Per questo un cavalletto è imprescindibile.

Configurazione classica e i suoi lati negativi

La configurazione classica sarebbe composta da un treppiede, una testa a sfera ed eventualmente un carrello macro, ma presenta alcuni svantaggi.

Lavorare vicino al suolo: ingombrante e richiede molto spazio

Un normale treppiede ha gambe relativamente lunghe, in modo da raggiungere un’altezza massima di lavoro adeguata. Se però si vuole lavorare vicino al suolo, il treppiede completamente aperto è molto ingombrante e occupa una grande superficie a terra.

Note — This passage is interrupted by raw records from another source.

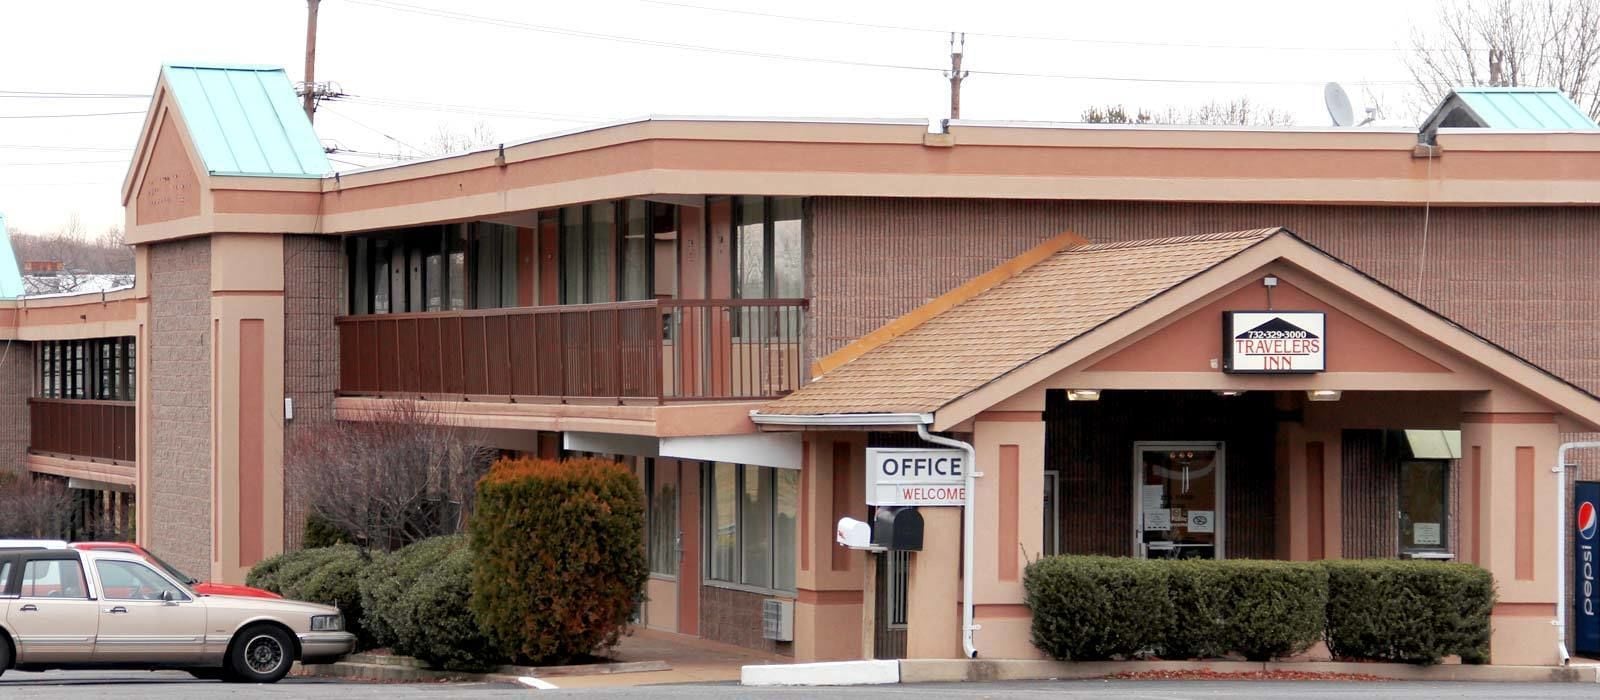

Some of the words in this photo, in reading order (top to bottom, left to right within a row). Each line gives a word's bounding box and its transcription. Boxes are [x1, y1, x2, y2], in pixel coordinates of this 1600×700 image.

[1235, 340, 1320, 353] TRAVELERS
[1264, 356, 1292, 370] INN
[882, 458, 962, 476] OFFICE
[903, 488, 966, 500] WELCOME
[1582, 545, 1594, 616] pepsi
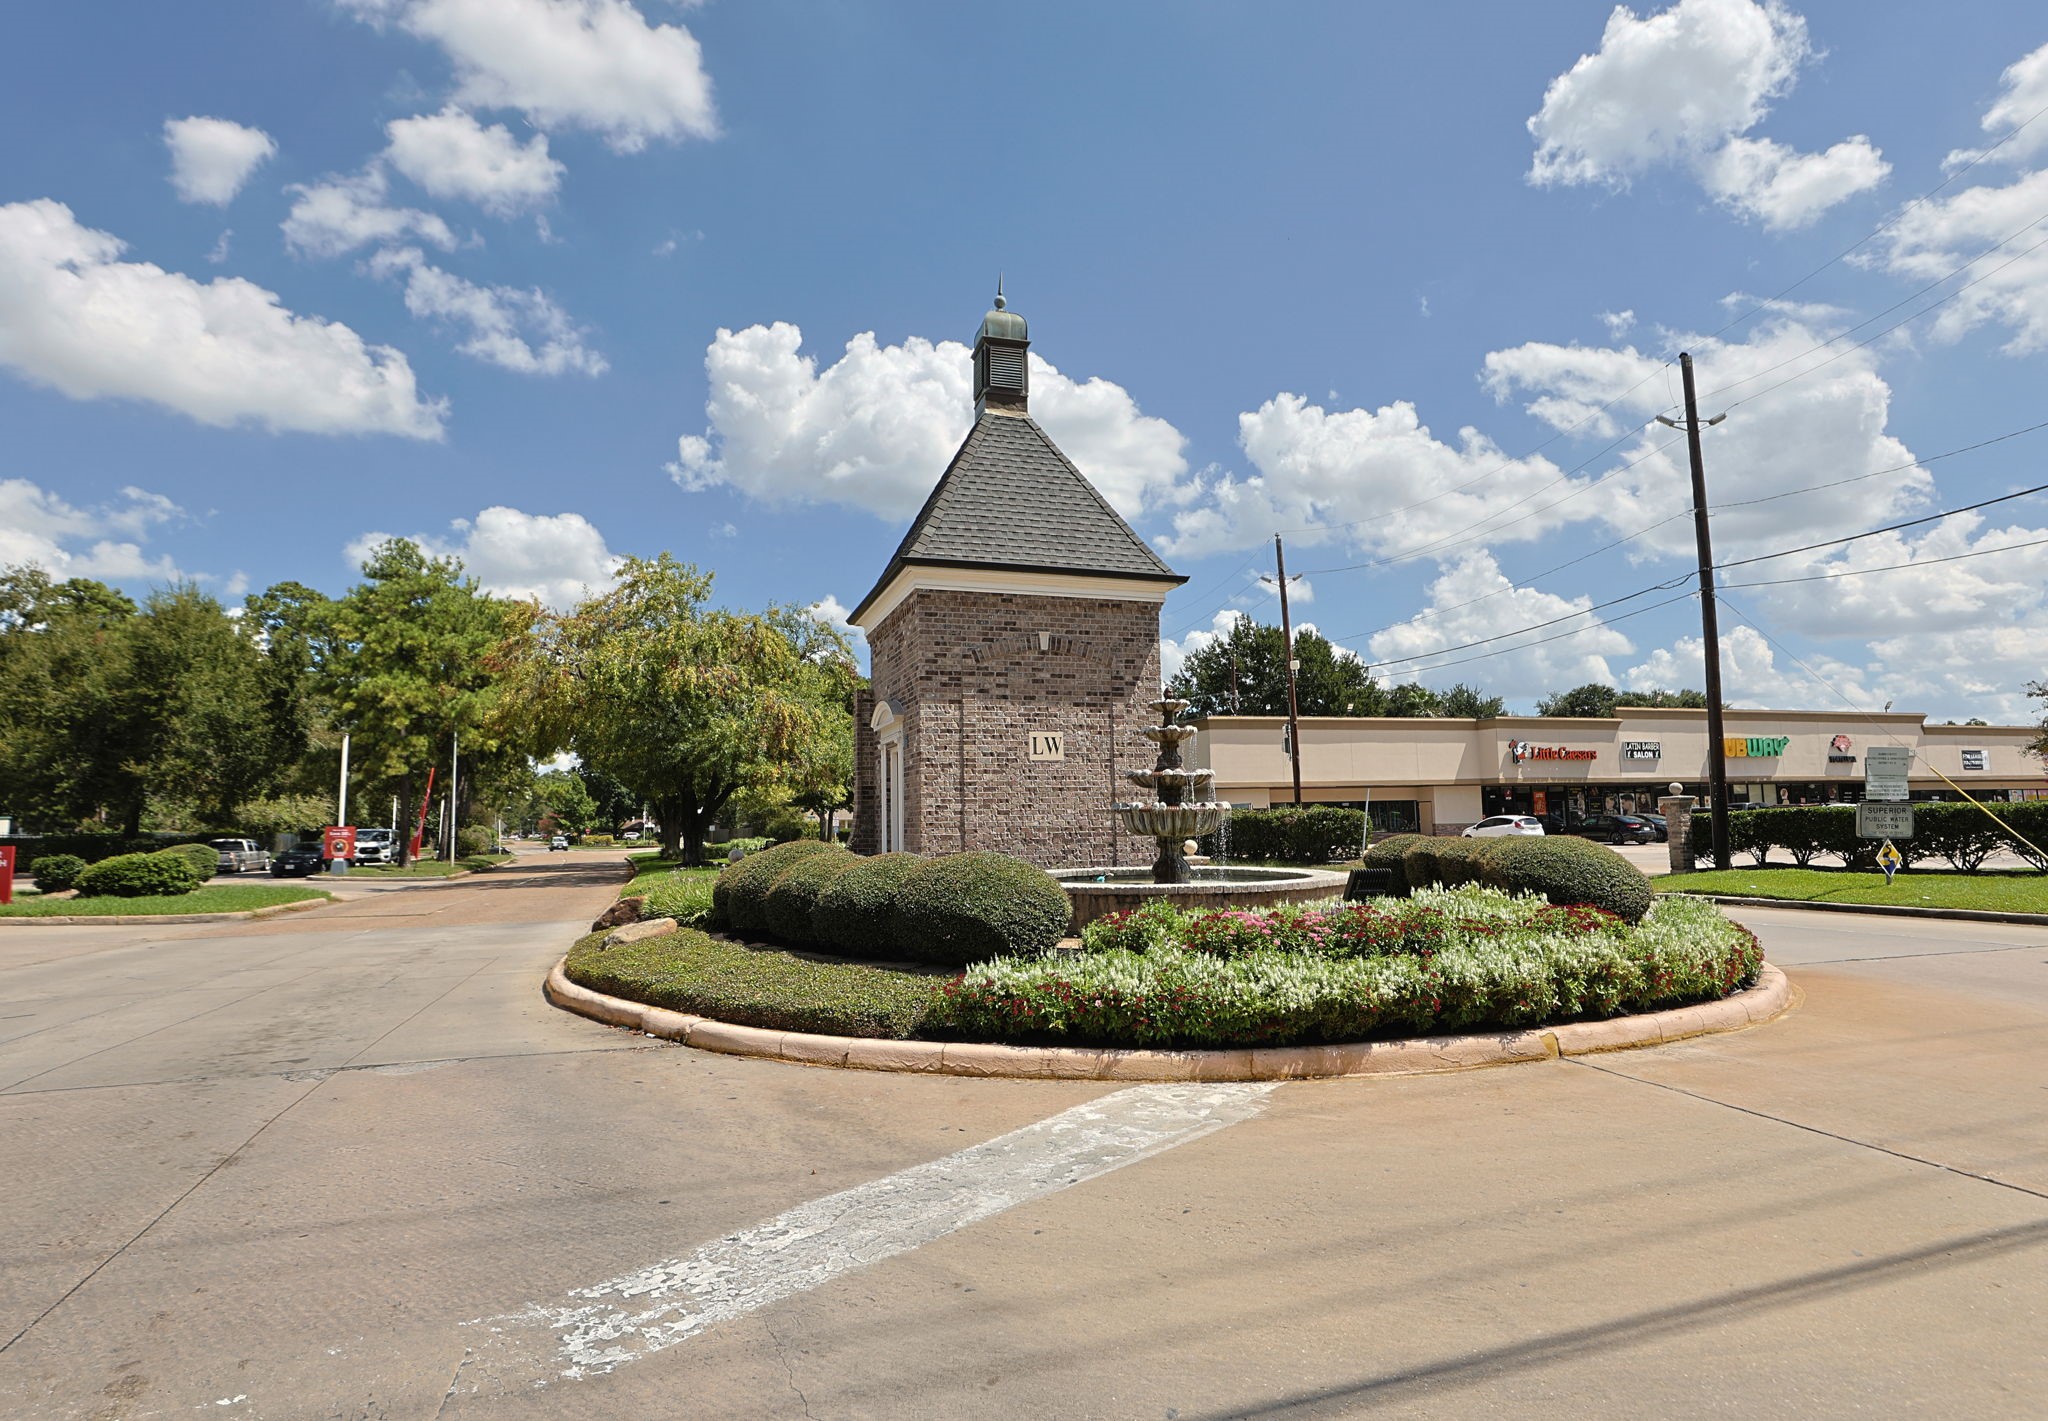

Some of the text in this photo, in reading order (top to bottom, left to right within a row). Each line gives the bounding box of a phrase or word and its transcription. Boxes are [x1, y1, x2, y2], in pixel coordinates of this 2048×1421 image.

[1031, 736, 1063, 756] LW
[1625, 742, 1660, 751] LATIN BARBER
[1724, 736, 1790, 758] UBWAY
[1530, 746, 1597, 761] Little Caesars
[1633, 750, 1653, 759] SALON
[1867, 806, 1907, 815] SUPERIOR
[1865, 815, 1888, 823] PUBLIC

Regolazione in altezza, colonna centrale e montaggio capovolto

La regolazione in altezza avviene estendendo le singole gambe, operazione molto laboriosa. Se invece si lavora con una colonna centrale, il lavoro vicino al suolo diventa impossibile. Non sono mai diventato un sostenitore delle colonne centrali capovolte e del montaggio sospeso dell’attrezzatura. Ciò che mi disturba di più è la fotocamera che pende al contrario.

Mini cavalletto come soluzione, con limiti

Finora mi sono mosso con il mio mini cavalletto con base di livellamento integrata (che utilizzo come testa a sfera rudimentale) e una clamp panoramica montata sopra – un piccolo e leggero compagno che dava il meglio di sé nel lavoro vicino al suolo, ma quando serviva un po’ più di altezza dovevo ricorrere rapidamente a un cavalletto più grande.

Secondo cavalletto: troppo, alla lunga

Quindi avevo sempre con me un secondo cavalletto – alla lunga è pesante da trasportare, costoso e faticoso.

Fotografia macro dal treppiede - la mia configurazione preferita

Configurazione macro, come la utilizzo io...

Questa è composta da alcuni componenti che vengono utilizzati a seconda delle esigenze

Fotografia macro dal treppiede - la mia configurazione preferita

...il tutto smontato...

Un po’ bisogna sempre contorcersi quando si striscia attraverso la vegetazione per avvicinarsi alle bestioline che strisciano.

Non posso piegare la colonna centrale, ma posso inclinarla leggermente grazie alla sfera integrata nella spalla del treppiede. In questo modo si può già determinare in modo approssimativo la distanza di ripresa e l’inquadratura.

Fotografia macro dal treppiede - la mia configurazione preferita

Allestimento in un’altra prospettiva

La distanza di ripresa posso regolarla con grande precisione tramite uno slitta macro. Questo è anche importante quando voglio sfruttare il rapporto di riproduzione massimo, perché allora porto la messa a fuoco dell’obiettivo al limite di messa a fuoco minima. Imposto poi il primo piano di messa a fuoco con la slitta.